** Record set follows **
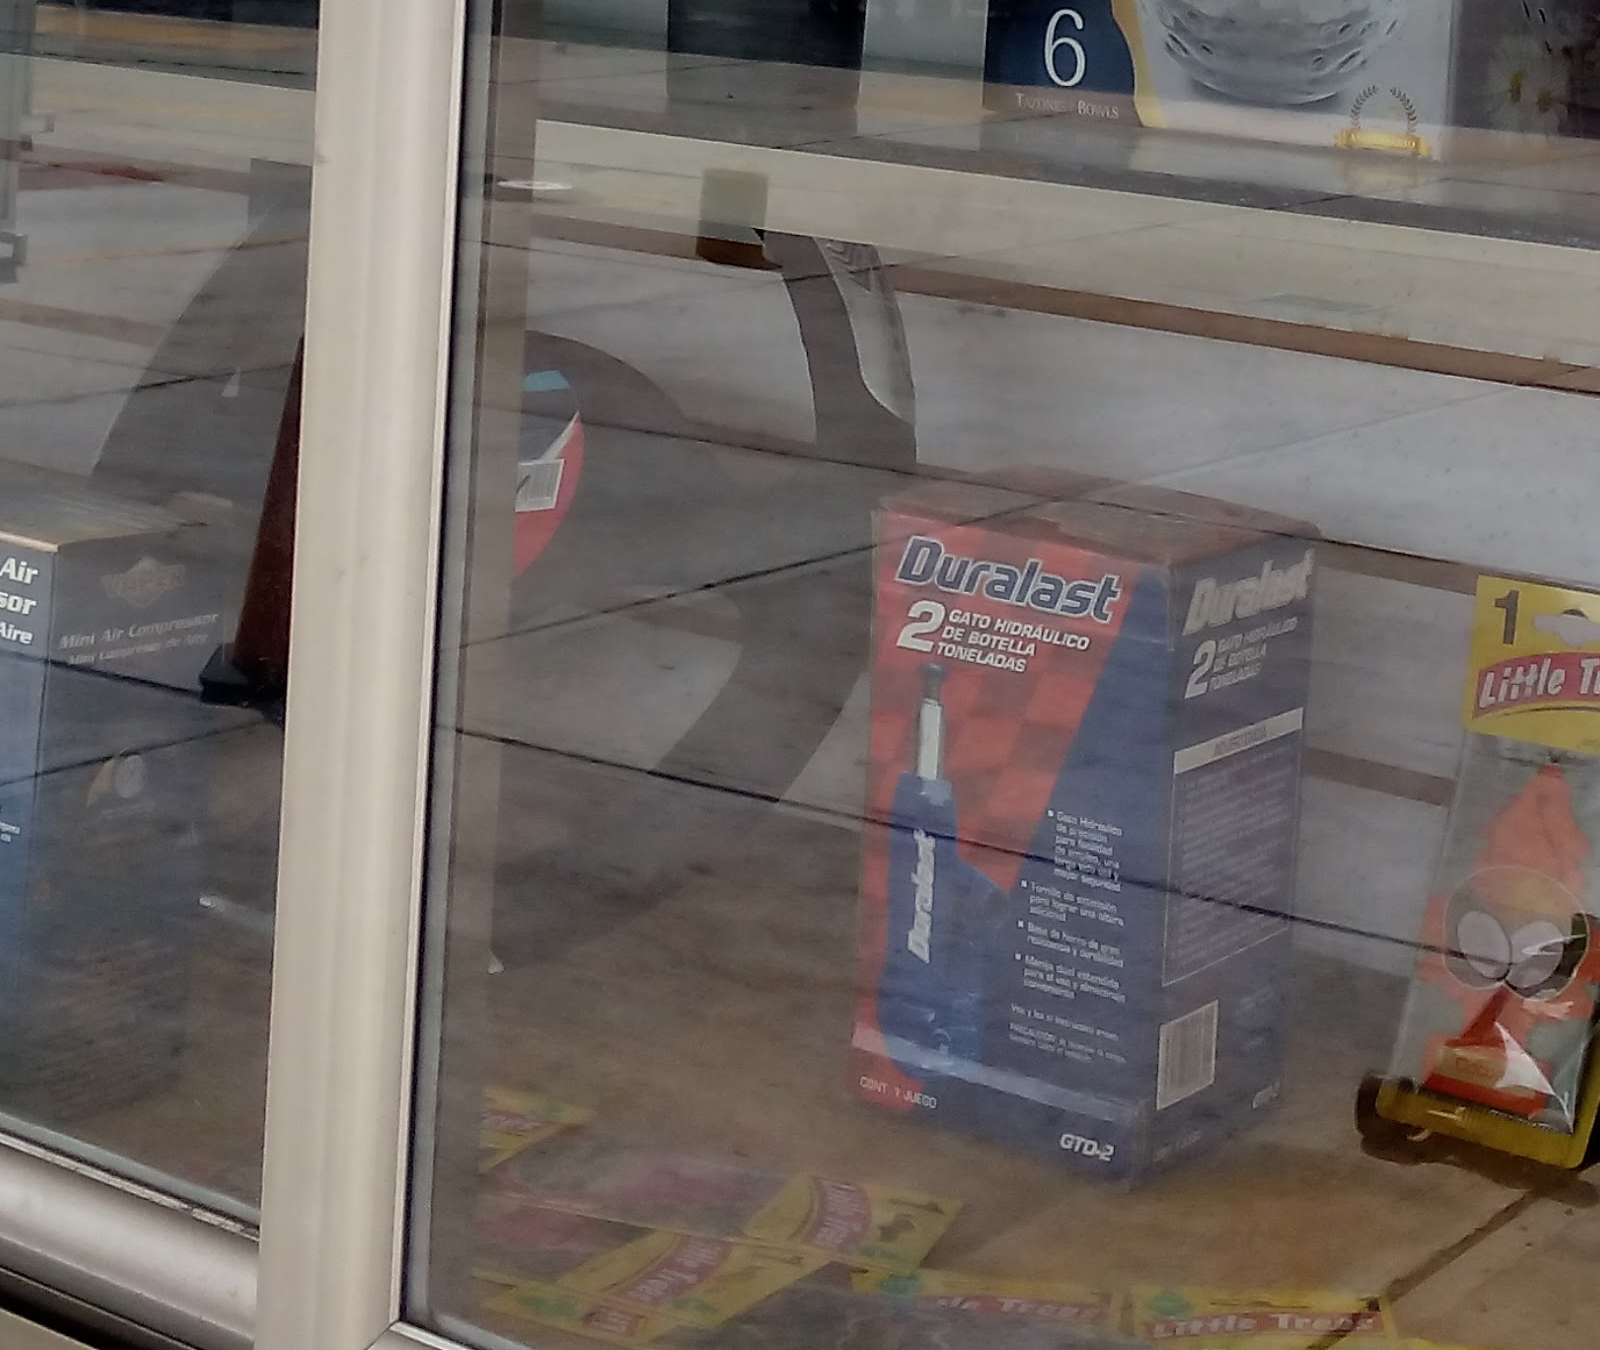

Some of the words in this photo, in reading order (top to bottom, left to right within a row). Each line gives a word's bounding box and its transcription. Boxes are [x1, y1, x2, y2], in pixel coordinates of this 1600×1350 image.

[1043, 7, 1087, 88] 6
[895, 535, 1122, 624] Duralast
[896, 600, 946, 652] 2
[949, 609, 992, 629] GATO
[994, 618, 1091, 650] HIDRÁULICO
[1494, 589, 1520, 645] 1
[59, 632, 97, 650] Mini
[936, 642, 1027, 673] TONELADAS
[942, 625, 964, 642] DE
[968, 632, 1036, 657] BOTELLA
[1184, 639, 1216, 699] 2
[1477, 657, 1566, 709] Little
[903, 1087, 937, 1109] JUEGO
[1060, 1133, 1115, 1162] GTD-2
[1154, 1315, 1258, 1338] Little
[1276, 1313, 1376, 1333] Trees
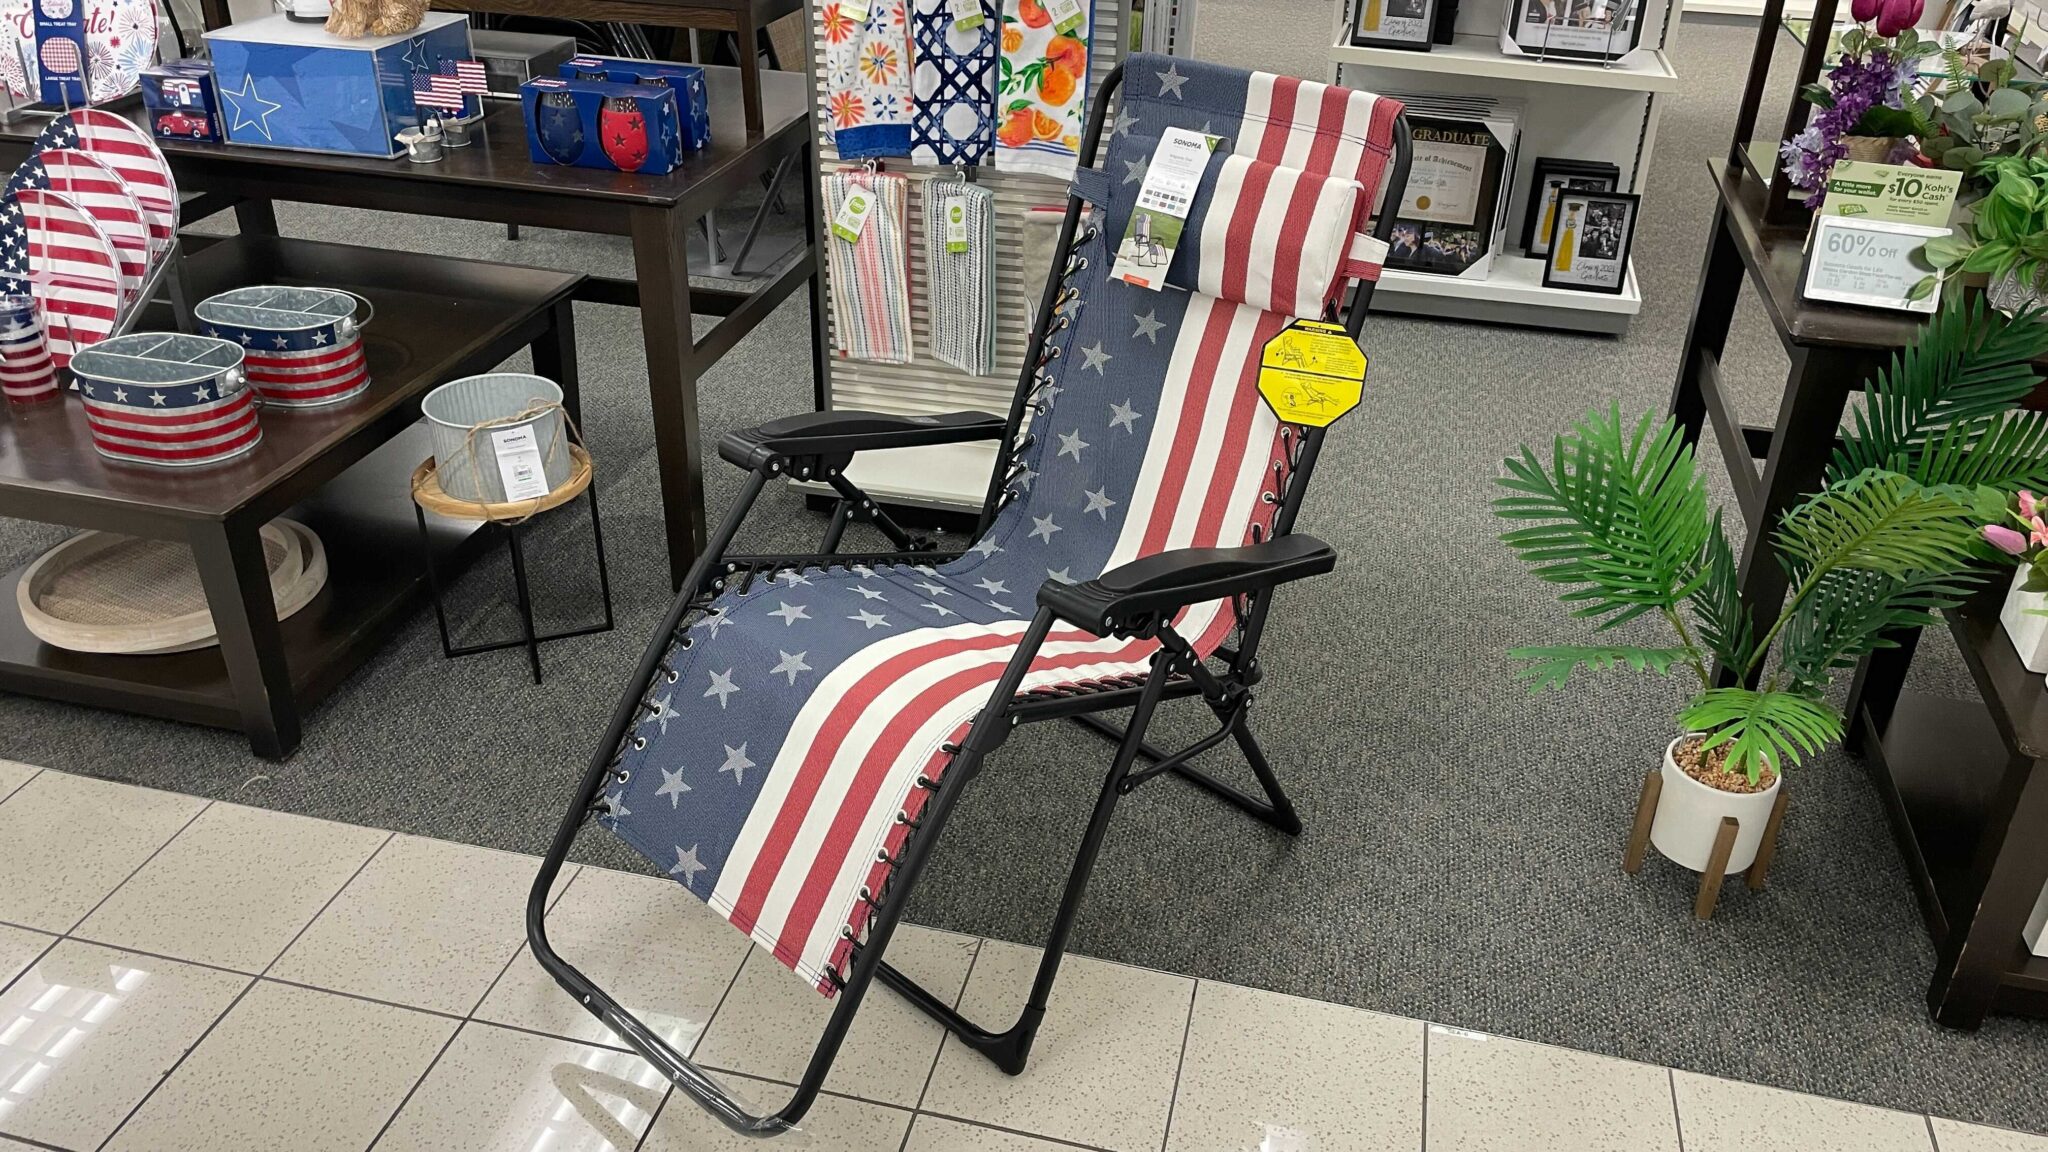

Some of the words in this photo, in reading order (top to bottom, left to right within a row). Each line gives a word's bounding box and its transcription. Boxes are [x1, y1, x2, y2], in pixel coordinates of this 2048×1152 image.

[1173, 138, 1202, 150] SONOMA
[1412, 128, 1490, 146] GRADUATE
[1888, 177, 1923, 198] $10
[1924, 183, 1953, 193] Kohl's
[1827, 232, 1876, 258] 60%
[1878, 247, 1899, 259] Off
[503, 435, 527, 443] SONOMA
** End of Record set **
- Task directions:
Copy every line of the records exactly as it is written, but not the pictures.

- Solution to the problem:
Some of the words in this photo, in reading order (top to bottom, left to right within a row). Each line gives a word's bounding box and its transcription. Boxes are [x1, y1, x2, y2], in pixel coordinates of this 1600×1350 image.

[1043, 7, 1087, 88] 6
[895, 535, 1122, 624] Duralast
[896, 600, 946, 652] 2
[949, 609, 992, 629] GATO
[994, 618, 1091, 650] HIDRÁULICO
[1494, 589, 1520, 645] 1
[59, 632, 97, 650] Mini
[936, 642, 1027, 673] TONELADAS
[942, 625, 964, 642] DE
[968, 632, 1036, 657] BOTELLA
[1184, 639, 1216, 699] 2
[1477, 657, 1566, 709] Little
[903, 1087, 937, 1109] JUEGO
[1060, 1133, 1115, 1162] GTD-2
[1154, 1315, 1258, 1338] Little
[1276, 1313, 1376, 1333] Trees

Some of the words in this photo, in reading order (top to bottom, left to right within a row). Each line gives a word's bounding box and its transcription. Boxes are [x1, y1, x2, y2], in pixel coordinates of this 2048×1152 image.

[1173, 138, 1202, 150] SONOMA
[1412, 128, 1490, 146] GRADUATE
[1888, 177, 1923, 198] $10
[1924, 183, 1953, 193] Kohl's
[1827, 232, 1876, 258] 60%
[1878, 247, 1899, 259] Off
[503, 435, 527, 443] SONOMA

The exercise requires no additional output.